Dinner W/ A Successful Family Friend
I recall shortly after starting my business I went out to eat dinner with a family friend. This friend is one of the most successful people I know. She worked her way up to a partner position at a large national law firm and lives in the most luxurious neighborhood in Denver.
She owns a nice condo and lives there alone with a couple of dogs. No kids, no husband, and no long term relationships to speak of. At the time, she was at the age and financial status to retire, but I’m convinced she had never thought of life after work, in her struggle to the top of the mountain the thought of what comes next never crossed her mind. So she still continues working to this day.
She invited me out to dinner, I got super excited thinking she wanted me to do digital marketing for the law firm, turns out this wasn’t the case. We sat at dinner and drank wine and talked. As the night went on she got more and more visibly drunk.
I strained to understand her as her slurred speech got worse and worse. Even with the difficulty I had understanding her, I vividly remember one thing she told me. Looking through me in the 1,000 mile gaze truly inebriated people get, she said
“You and I aren’t like your mom and other people. We think of things and we do it. We think we can do things all by ourselves. I was like you… I thought I could do everything by myself, but I want you to know you can’t. You, You need other people.”
I left that dinner feeling an immense amount of weight starting in my heart and getting heavier as it went down to my gut.
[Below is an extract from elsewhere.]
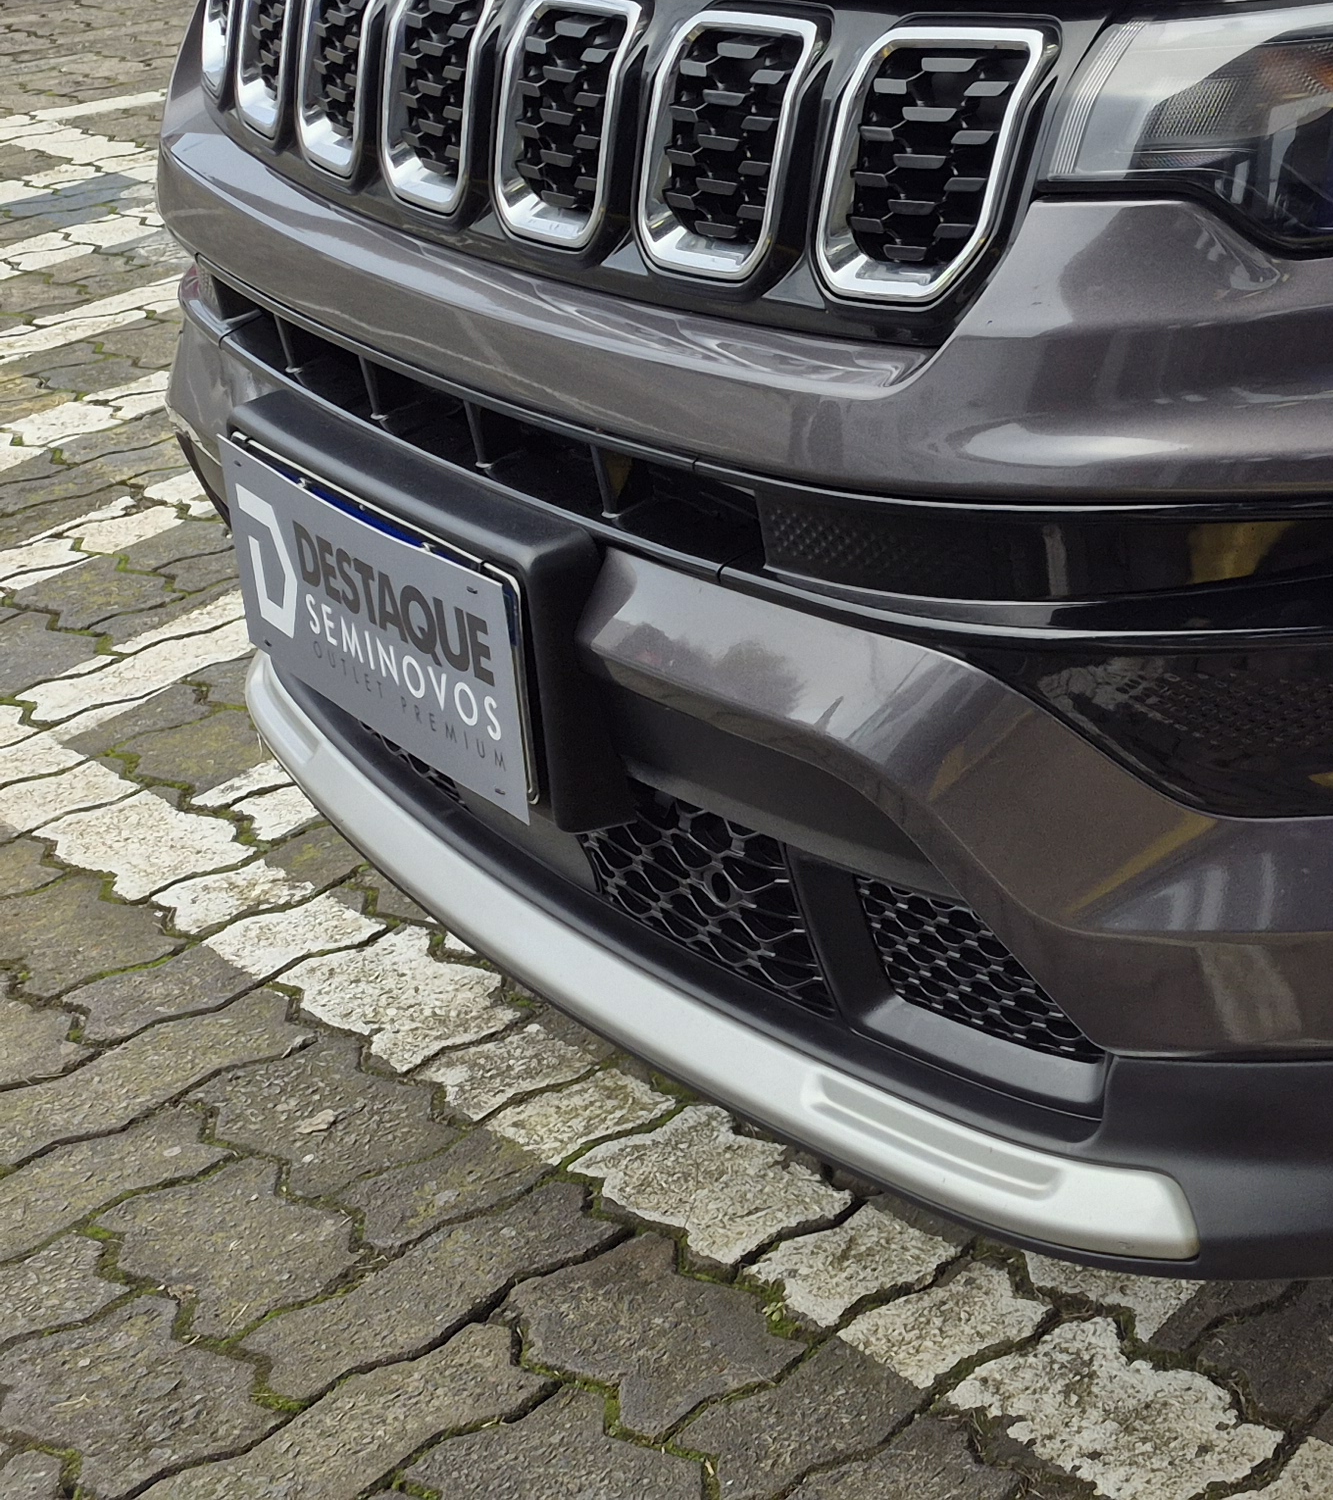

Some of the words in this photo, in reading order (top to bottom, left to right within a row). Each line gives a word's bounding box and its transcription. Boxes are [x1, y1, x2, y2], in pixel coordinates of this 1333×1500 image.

I feel it now as I’m writing this, I can feel my mouth drying up as if I’m about to cry.
At the time though I was a master at suppressing emotions. So I pushed those feelings down, and went back to work.
I had a business to grow, I had people to prove wrong, I had the world to visit, and I had to show everyone that I was a success.
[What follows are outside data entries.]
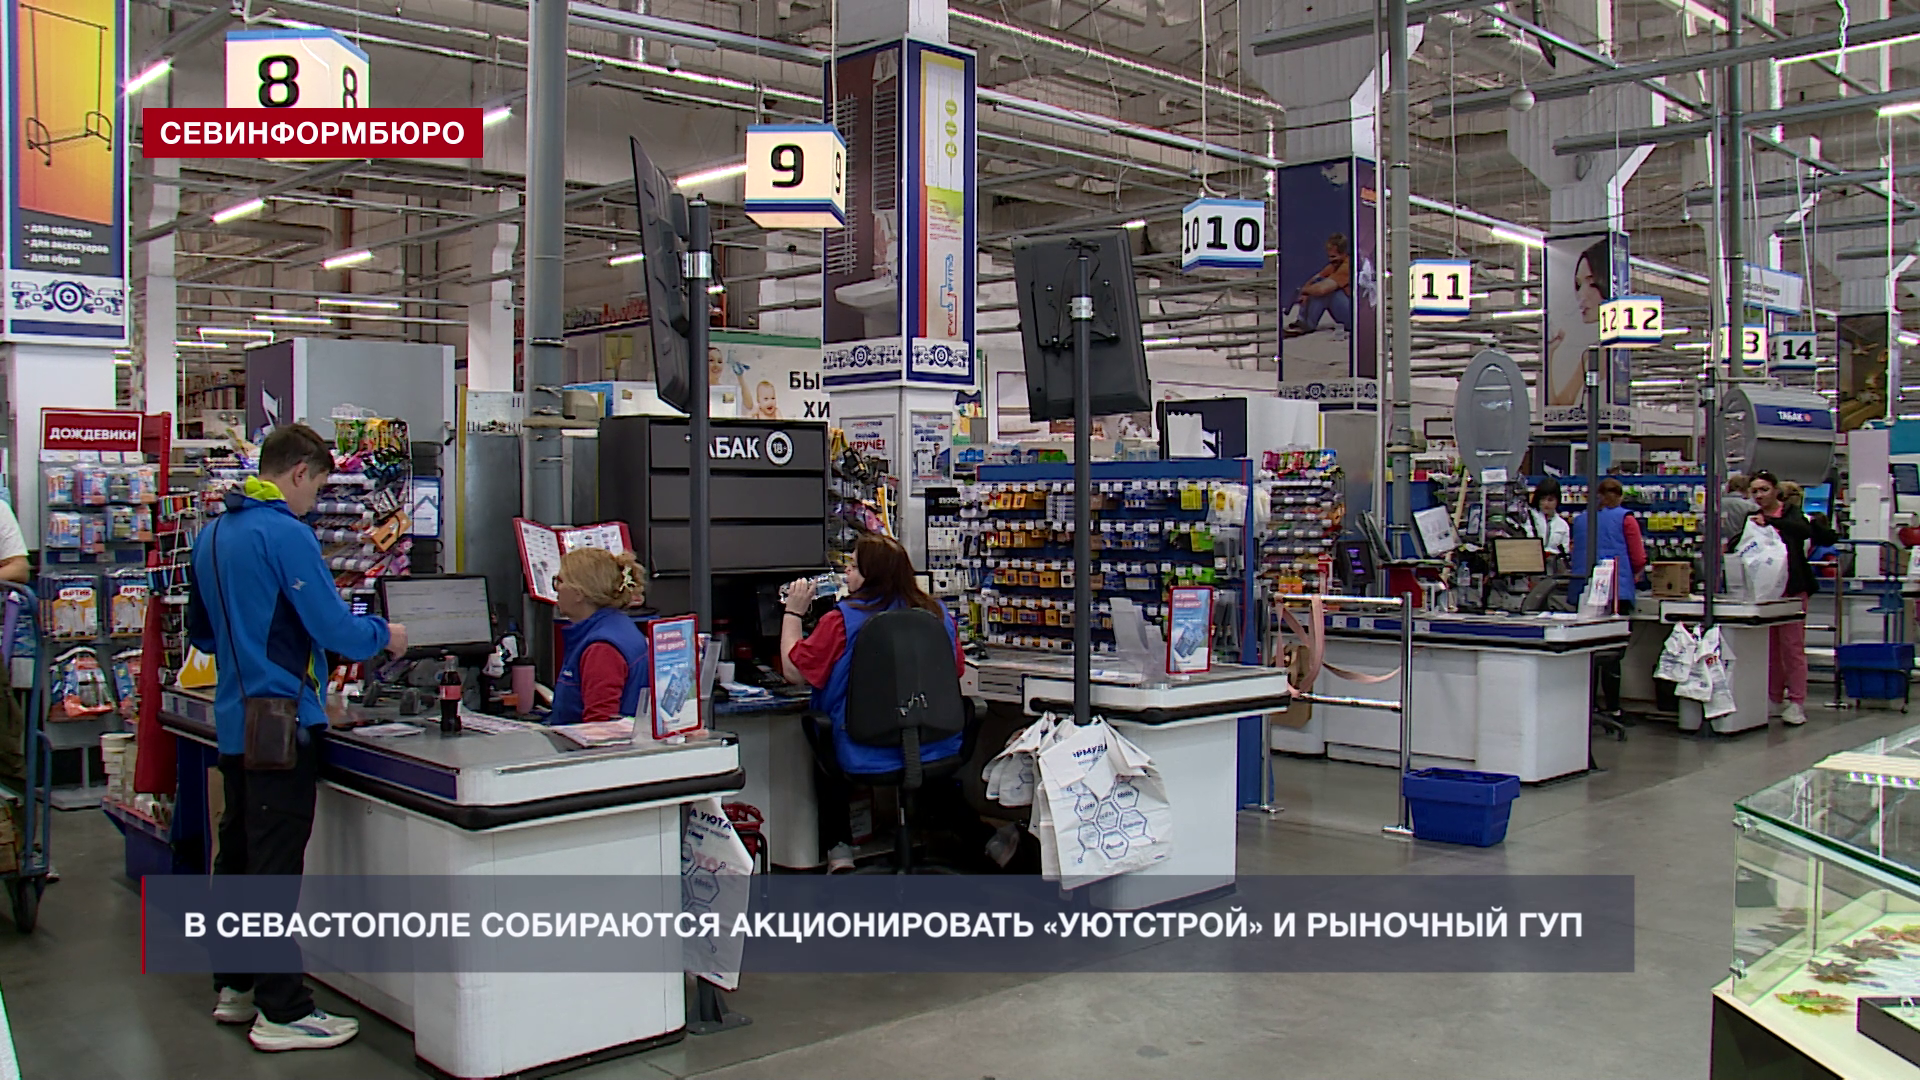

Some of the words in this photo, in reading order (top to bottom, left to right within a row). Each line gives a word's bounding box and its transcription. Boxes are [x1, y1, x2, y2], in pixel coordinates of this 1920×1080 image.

[257, 54, 300, 108] 8
[771, 143, 804, 188] 9
[835, 151, 842, 196] 9
[1184, 216, 1200, 255] 10
[1206, 216, 1261, 252] 10
[1421, 273, 1464, 300] 11
[1601, 307, 1617, 333] 12
[1623, 307, 1659, 330] 12
[1742, 331, 1759, 354] 3
[1783, 339, 1813, 360] 14
[790, 371, 820, 390] БЫ
[804, 401, 830, 418] ХИ
[50, 427, 137, 441] ДОЖДЕВИКИ
[709, 437, 760, 459] БАК
In The Last Month I’ve Started Thinking More About That Night
After my most recent break-up. I realized how dependent I become on romantic interests in my life. I meet these women, and very quickly rely on them for nearly all of my emotional needs. I rely so heavily on these women because I lack the roots & community that my friends in Rifle all live with on a daily basis.
For a long time, I’ve chosen freedom over stability. I see where that’s lead me. It’s lead me to a place where I’m reliant on a new woman every couple of months and when there are any real opportunities to lie down roots I pack up and leave.
So What Do I Do About It?
I don’t want to stop traveling, but I recognize that if I can’t build a community of people and rely on others than I will end up like my dad or my mom’s friend. Old, alone and empty.
I’ll be traveling next with my sister and Mom for a few weeks, then after that my Mom and I will be traveling around Europe, the Caribbean and ending in South America. After deciding to give up my apartment in Denver back in January, I’ve been without a home base which has been fun but I’m ready to start building community and putting down roots in a way that fits my life. I’m planning on staying in Medellin for at least 3 months at the beginning of 2023, and potentially making that my new home base for the foreseeable future.
I was on a reality show that might take off, and that could screw up all these plans. As much as I’d love to be a D list star, and leverage that for more business opportunities, part of me hopes it doesn’t work out.
I want to travel with my Mom while she’s still able to, I want to experience Oktoberfest, Vienna, Prague, Berlin & Amsterdam with her. I want to get to Guadeloupe and Martinique and speak some French in a Caribbean setting, drinking incredible Rum. I want to hike alone for 7 – 10 days through the Andes in Peru. And I want to find a new place to call home.
In the meantime, I’m working now on coming up with ways to build that community even as I travel around a lot.